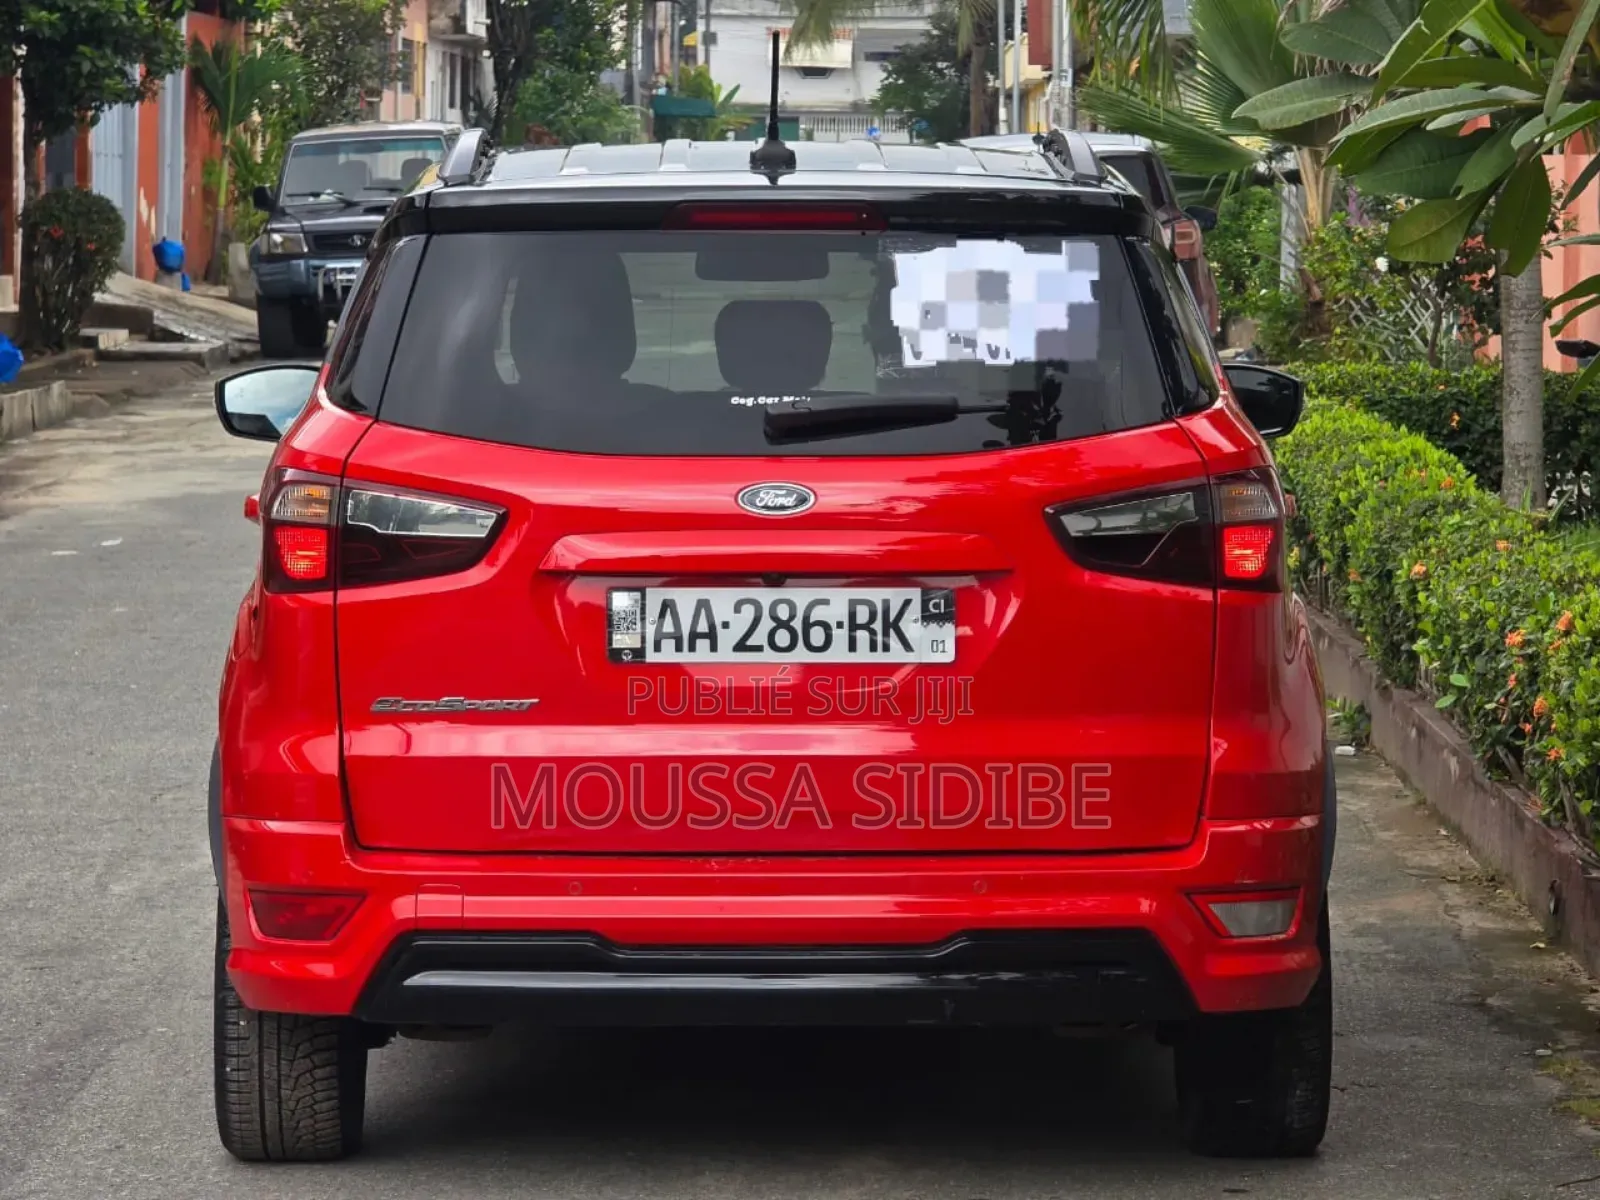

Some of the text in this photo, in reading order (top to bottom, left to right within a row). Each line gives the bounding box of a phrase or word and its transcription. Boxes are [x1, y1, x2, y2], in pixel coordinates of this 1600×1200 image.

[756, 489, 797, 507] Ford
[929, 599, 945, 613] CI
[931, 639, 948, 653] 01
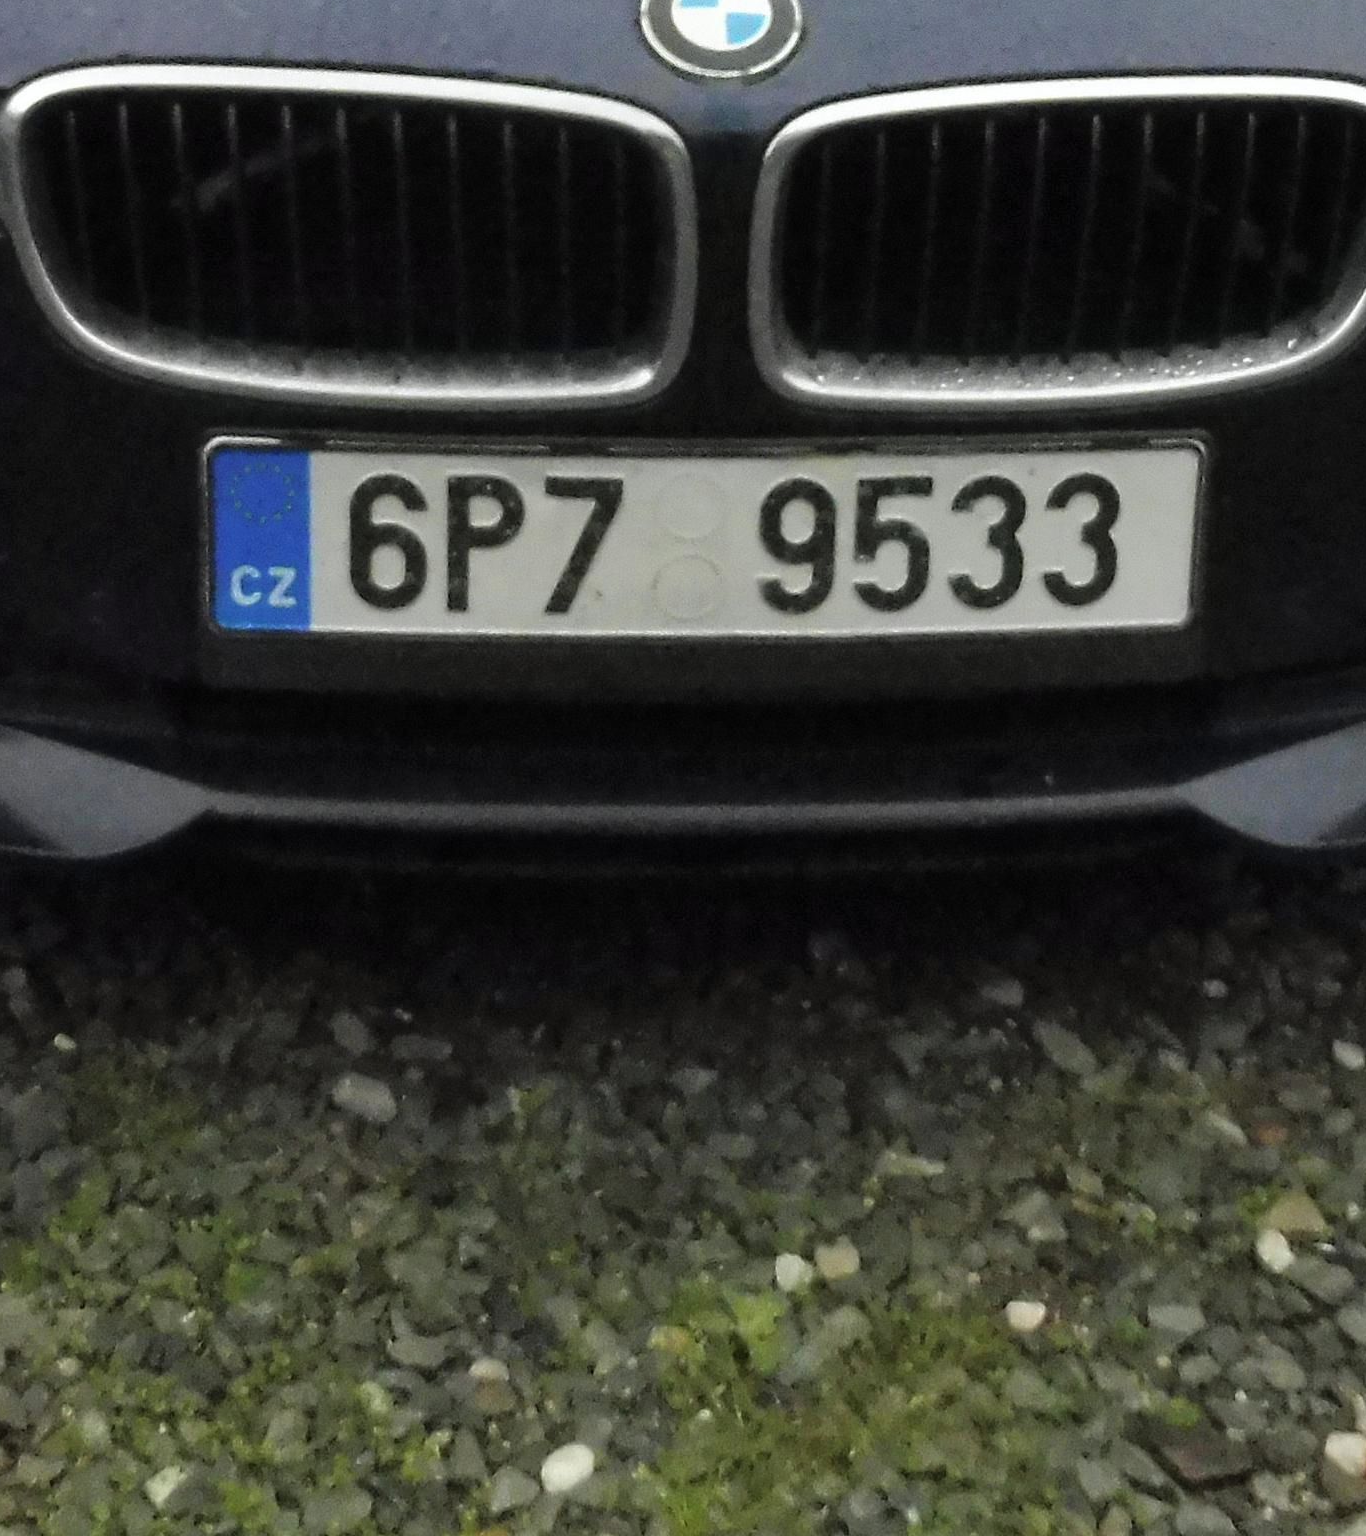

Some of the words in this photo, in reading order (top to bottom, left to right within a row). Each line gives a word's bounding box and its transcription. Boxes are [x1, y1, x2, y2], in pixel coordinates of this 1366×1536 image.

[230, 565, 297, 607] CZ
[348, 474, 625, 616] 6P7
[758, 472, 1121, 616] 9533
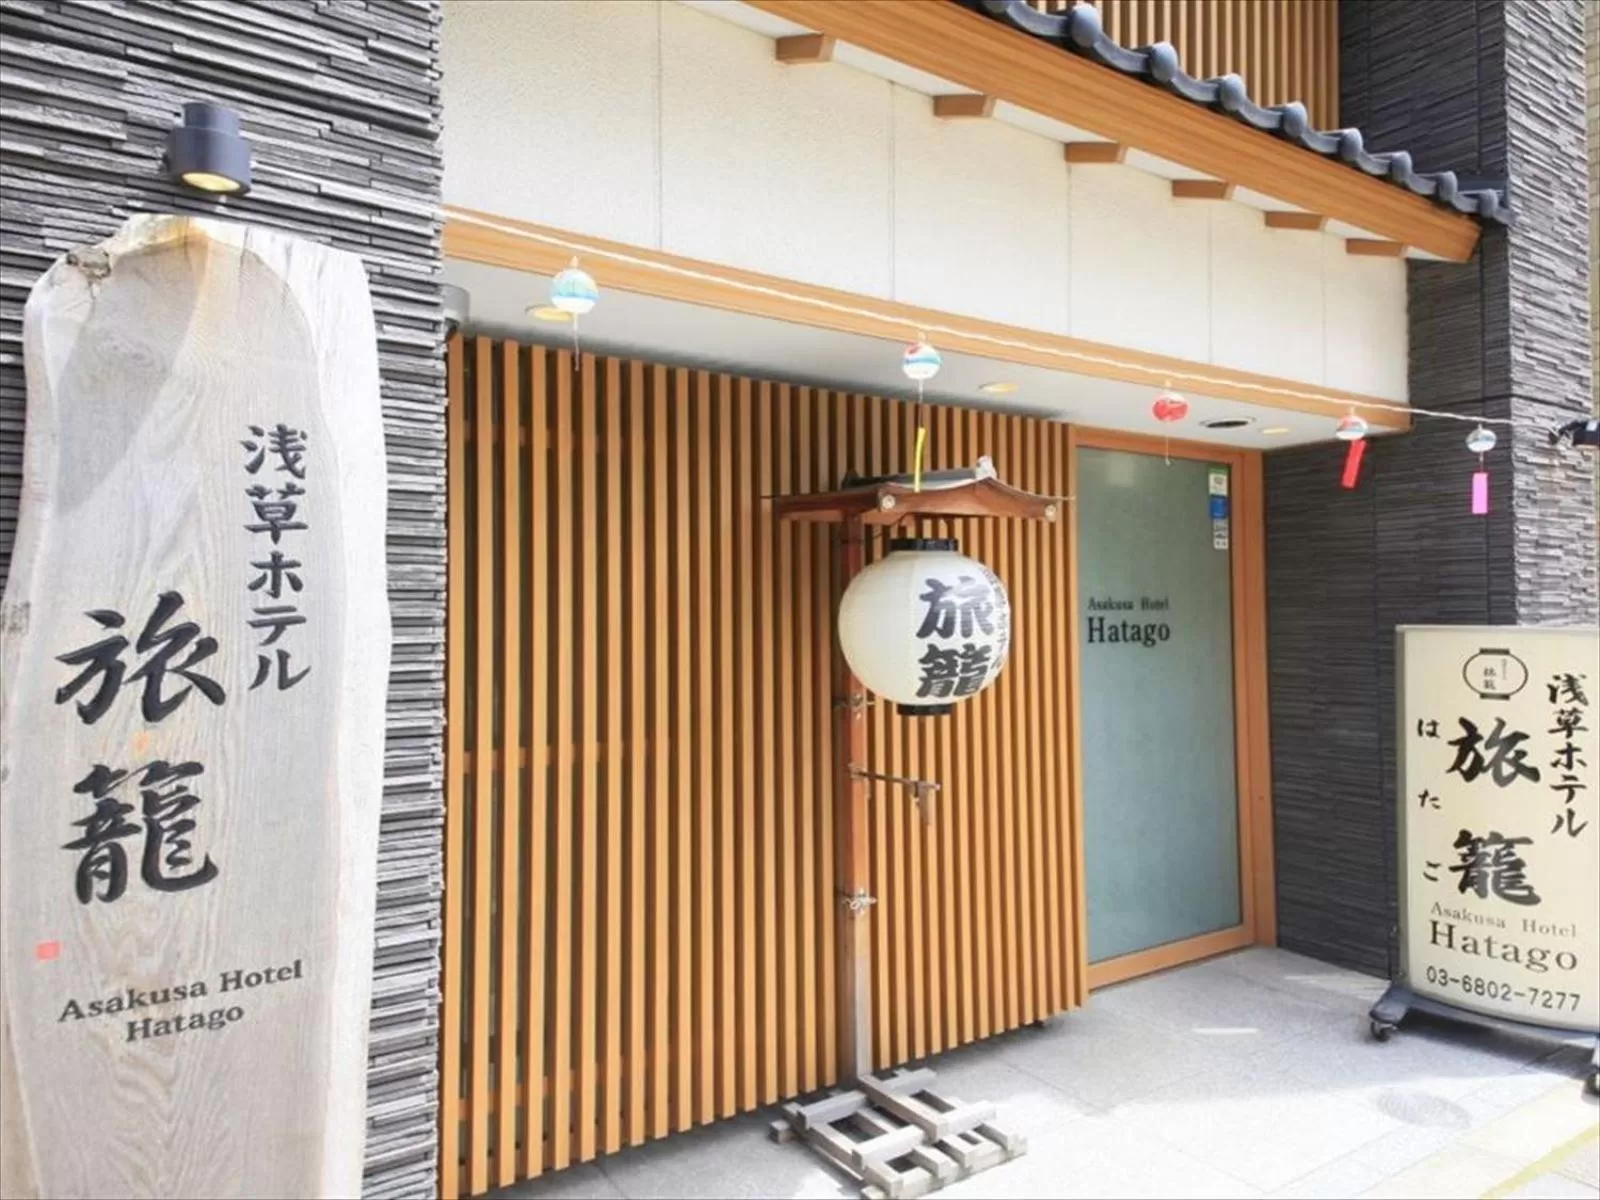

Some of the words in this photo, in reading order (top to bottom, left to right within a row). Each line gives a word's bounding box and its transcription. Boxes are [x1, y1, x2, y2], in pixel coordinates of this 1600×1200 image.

_YOUR TASK:_ Each line from the one that holds "this 1366×1536 image." through the final line of the data must be retyped exactly; the pictures must not appear.

_EXPECTED OUTPUT:_
Some of the words in this photo, in reading order (top to bottom, left to right within a row). Each line gives a word's bounding box and its transcription. Boxes are [x1, y1, x2, y2], in pixel coordinates of this 1366×1536 image.

[230, 565, 297, 607] CZ
[348, 474, 625, 616] 6P7
[758, 472, 1121, 616] 9533

Some of the words in this photo, in reading order (top to bottom, left to right within a row). Each line gives a word's bounding box and its transcription. Boxes are [x1, y1, x2, y2], in pixel coordinates of this 1600×1200 image.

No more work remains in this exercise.